Смерив меня оценивающим взглядом с головы до ног, он прогудел:
— Гло йа ин Год?
— Еэр аан дие Вадер, ен Зин, ен дие Хейлиге Геес! — старательно выговаривая слова сказал я.
— Амен! — он кивнул и тут же расплылся в улыбке, и стал совсем не страшным — что-то вроде протекторатского Санта Клауса, только со здоровенным тесаком на поясе.
— Заходы, заходы к нам, борода, и мальчиков заводы, чего тут стоять, м?
Они завели нас внутрь и завернули мне еще один донер, и налили кофе гемайну и апельсинового сока — мальчишкам.
— Вы принимаете песок? — уточнил бородач и полез за пазуху.
— Всё, всё прэнимаем! Дажэ алмаз и платина! И весы имеем!
Действительно, младший финикиец сбегал куда-то и притащил аптекарские весы, а гемайн насыпал на одну из чаш щепотку желтых крупинок из кожаного мешочка.
— О-о-о-о! — восхитились кудрявые братья и тут же завернули еще три донера, и выставили целый поднос с зеленью, сыром и какими-то фруктами, и притащили графин с молодым вином.
Они оказались замечательными ребятами, эти финикийцы. И гемайн — минеер Боота, и его сыновья — тоже. И то, что мы все жутко говорили на лаймиш, нам совсем не мешало.
— Будете за рекой, в Натале — так и знайте, ворота крааля Бооты всегда открыты для вас. Любой гемайн укажет вам дорогу к моему дому, а там — вы будете как за каменной стеной! О, йа, вы и будете за самой настоящей стеной, хо-хо-хо! — взявшись за бока хохотнул минеер Боота.

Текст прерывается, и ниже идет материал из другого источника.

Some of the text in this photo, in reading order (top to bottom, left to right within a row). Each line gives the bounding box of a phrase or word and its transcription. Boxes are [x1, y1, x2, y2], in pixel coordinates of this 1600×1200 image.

Я вежливо улыбнулся в ответ и пожал руку ему и его сыновьям — тоже. Гемайн чмокнул губами, и запряженный четверкой лошадей фургон, полный покупок, сдвинулся с места и запылил прочь от душного Гертона в сторону далеких зеленых холмов.
— Год сиен йо! — крикнул я вдогонку.
— Тотзиенс! — откликнулись из фургона.
Эти гемайны — первые, кого я увидел вживую из этого народа — живо напомнили мне хуторян с Южной засечной черты, а еще — жителей северного поморья. Домовитость, основательность, готовность зубами и кулаками отстаивать заработанное тяжким трудом, бесконечная преданность своему дому и своей семье... Это совсем не походило на легкомысленных и вспыльчивых, импульсивных жителей Гертона.

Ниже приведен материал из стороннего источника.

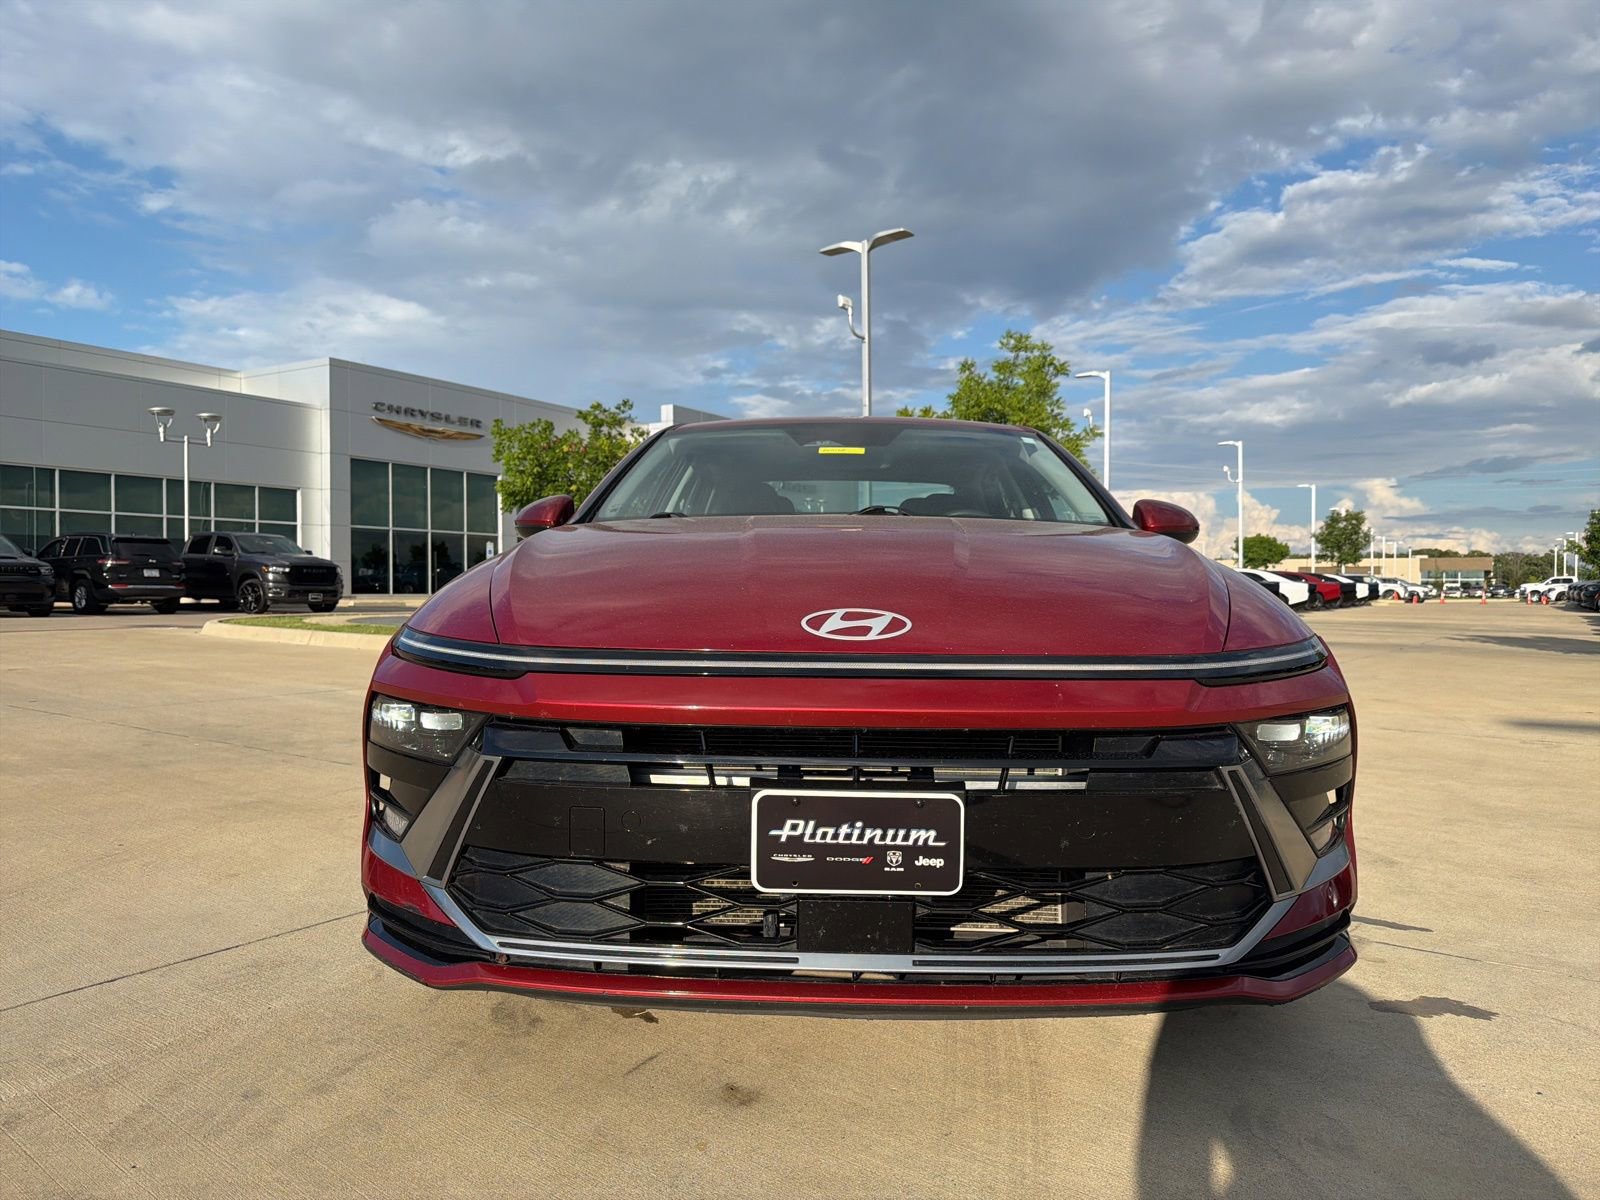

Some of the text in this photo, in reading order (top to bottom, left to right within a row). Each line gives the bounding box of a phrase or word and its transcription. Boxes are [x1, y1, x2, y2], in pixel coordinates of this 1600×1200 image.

[373, 402, 482, 428] CHRYSLER
[768, 819, 949, 846] Platinum
[914, 855, 945, 868] Jeep

Я увидел здесь, в этом городе, всё, что хотел, и теперь ждал транспорт до Лисса. Жители Колонии — завзятые мореходы, и протянуть железную дорогу вдоль побережья, чтобы соединить ключевые города еще и по суше — нет, это было не в их стиле. Каждый город жил обособленно, имея связь с внешним миром при помощи морских судов и телеграфа — в последнее время. Имелась ветка от трансконтинентальной дороги до Лисса, построенная еще в прошлом веке тевтонами — и на этом всё. Говорили, что масштабное железнодорожное строительство началось в окрестностях Зурбагана — но туда мне предстояло попасть еще нескоро.
Гостиница, в которой я ждал попутного судна, называлась "Суша и море" — одноэтажное каменное здание с черной крышей прижалось к скале в удобном с точки зрения приманивания постояльцев месте — шоссе на Тахенбакские рудники делало здесь петлю, и волей-неволей вынуждало экипажи и автомобили притормаживать. Окна ее смотрели на океан — и мне это было на руку.
Капитан шхуны "Бабочка" — Илай Фокс — квартировал тут же, в "гостинице Стомадора" — так он называл "Сушу и море". И за ним должны были прислать шлюпку, когда судно покончит с погрузкой и бумажными формальностями. Золотые имперские монеты, перекочевавшие в карман грязного капитанского кителя, были достаточно убедительным аргументом, чтобы он согласился взять с собой одного корреспондента из далекой северной страны...
С сожалением поглядев еще раз на удаляющийся вдаль по дороге фургон и на далекие предгорья, теряющиеся в туманной дымке, я зашагал к гостинице. Здесь, за столиками под навесом, восседали завсегдатаи, и капитан Фокс — в их числе.
Учитывая мой опыт общения с вышколенными и опрятными офицерами и матросами с "Гленарвана", воспринимать растрепанного, потасканного и вечно взмыленного моряка всерьез было сложно. Фокс приглаживал свои сальные волосы пятерней, курил сигариллу и спорил о чем-то с пошарпанного вида интеллигентом в круглых очках.
— ... они в итоге всё равно придут к этому. Только концерны, только федерация, только подчинение себе основных источников ресурсов. Здесь, на Южном — мы единственный оплот цивилизации, единственный островок культуры в море дикости... Историческая миссия городов Колонии — показать всему миру пример построения общества нового типа, а для этого нам необходима ресурсная база и жизненное пространство... — вещал интеллигент.
От словосочетания "жизненное пространство" меня передернуло, и захотелось врезать по уху этому очкастому.
— А гемайны? — Фокс налил в свой стакан еще порцию выпивки из мутной бутылки и отхлебнул добрый глоток.
— Гемайны — пережиток прошлого. Рабство — отвратительный рудимент, с помощью которого не построишь эффективной экономики, — пожал плечами его собеседник, — Или они изменятся — или Наталь исчезнет с карты мира.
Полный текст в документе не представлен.